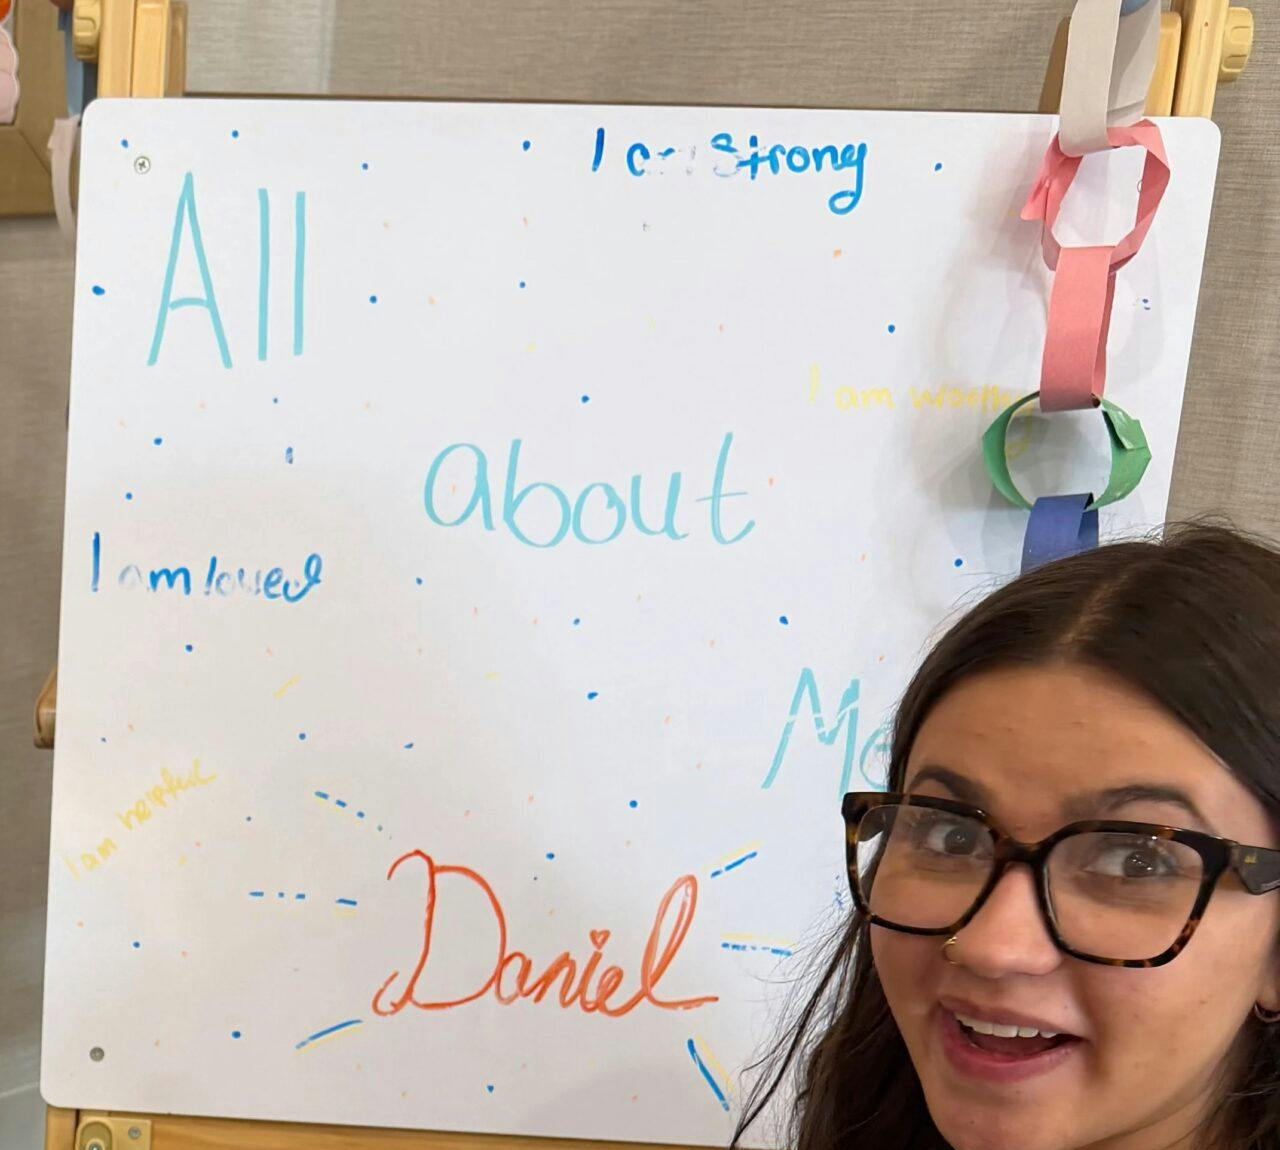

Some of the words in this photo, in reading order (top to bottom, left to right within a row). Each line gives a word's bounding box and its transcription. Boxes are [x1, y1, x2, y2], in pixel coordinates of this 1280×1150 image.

[591, 127, 605, 172] I
[147, 171, 306, 369] All
[833, 385, 895, 411] am
[424, 431, 756, 548] about
[91, 531, 101, 593] I
[118, 564, 192, 596] am
[204, 553, 322, 603] loved
[80, 837, 118, 872] am
[371, 848, 719, 1017] Daniel
----
Without carrying over any picture, retype the records above word for word.

Some of the words in this photo, in reading order (top to bottom, left to right within a row). Each line gives a word's bounding box and its transcription. Boxes are [x1, y1, x2, y2], in pixel coordinates of this 1280×1150 image.

[591, 127, 605, 172] I
[147, 171, 306, 369] All
[833, 385, 895, 411] am
[424, 431, 756, 548] about
[91, 531, 101, 593] I
[118, 564, 192, 596] am
[204, 553, 322, 603] loved
[80, 837, 118, 872] am
[371, 848, 719, 1017] Daniel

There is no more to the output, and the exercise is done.